Il fut entendu le même jour par un agent du service de police judiciaire, section police des étrangers et des jeux, de la gendarmerie grand-ducale, sur son identité et l’itinéraire suivi pour venir au Luxembourg.

Il fut ensuite entendu en date du 6 juin 2001 par un agent du ministère de la Justice sur les motifs à la base de sa demande d’asile.

Par décision du 16 août 2001, notifiée le 29 août 2001, le ministre de la Justice informa Monsieur … de ce que sa demande avait été rejetée. Ladite décision est motivée comme suit :

« Il résulte de vos déclarations que vous avez quitté votre domicile de Ruma / Serbie pour prendre place d’abord dans un camion et, ensuite, dans le camion frigorifique d’un transporteur de fruits qui vous a caché jusqu’à Luxembourg. Vous ne pouvez donner aucune autre précision concernant votre voyage.

Vous avez déposé votre demande en obtention du statut de réfugié le 29 mai 2001.

Vous exposez que vous avez fait votre service militaire en 1987/1988 en Croatie et que vous avez été convoqué une fois à la réserve, à laquelle vous vous seriez rendu.

Vous auriez quitté votre pays au moment de la guerre de Bosnie en 1992 et vous vous seriez enfui en Serbie où vous auriez vécu jusqu’à votre départ pour le Luxembourg. Vous auriez obtenu le statut de réfugié en Serbie en 1996. Au moment de la guerre du Kosovo, vous auriez été envoyé au front, ce qui, d’après vous, serait contraire à votre statut de réfugié.

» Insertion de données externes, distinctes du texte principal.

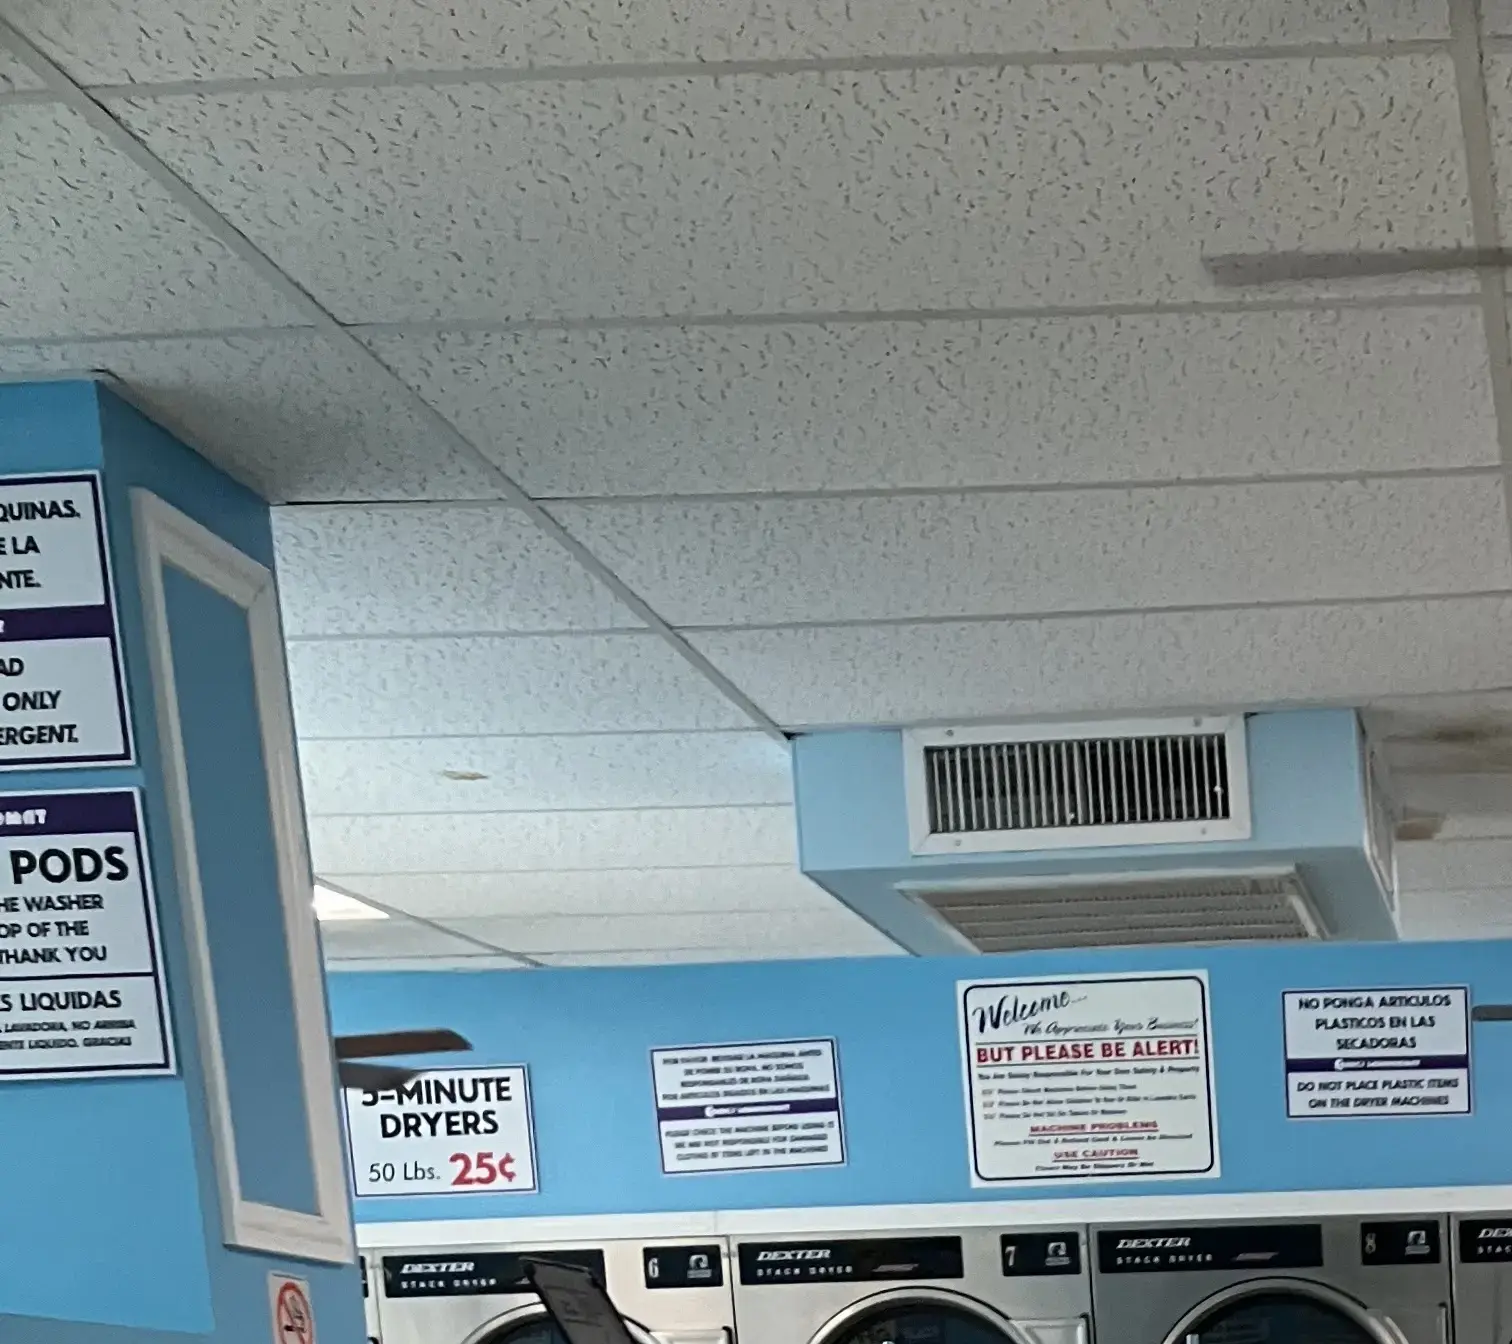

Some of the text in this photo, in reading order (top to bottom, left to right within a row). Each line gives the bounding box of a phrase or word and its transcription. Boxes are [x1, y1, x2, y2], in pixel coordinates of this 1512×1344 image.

Vous auriez donc quitté votre poste et vous auriez alors fait l’objet de nombreuses arrestations et de mauvais traitements. Vous dites être accusé à tort d’avoir volé un fusil à l’armée serbe et avoir peur d’une condamnation par le Tribunal militaire.

Vous dites ne plus vouloir vivre en Serbie avec le statut de réfugié et craindre toujours une guerre en Bosnie.

Vous dites aussi n’avoir été membre d’aucun parti politique.

Je vous informe que la reconnaissance du statut de réfugié n’est pas uniquement conditionnée par la situation générale du pays d’origine, mais aussi, et surtout, par la situation particulière du demandeur d’asile qui doit établir, concrètement, que sa situation individuelle est telle qu’elle laisse supposer une crainte justifiée de persécutions au sens de la Convention de Genève.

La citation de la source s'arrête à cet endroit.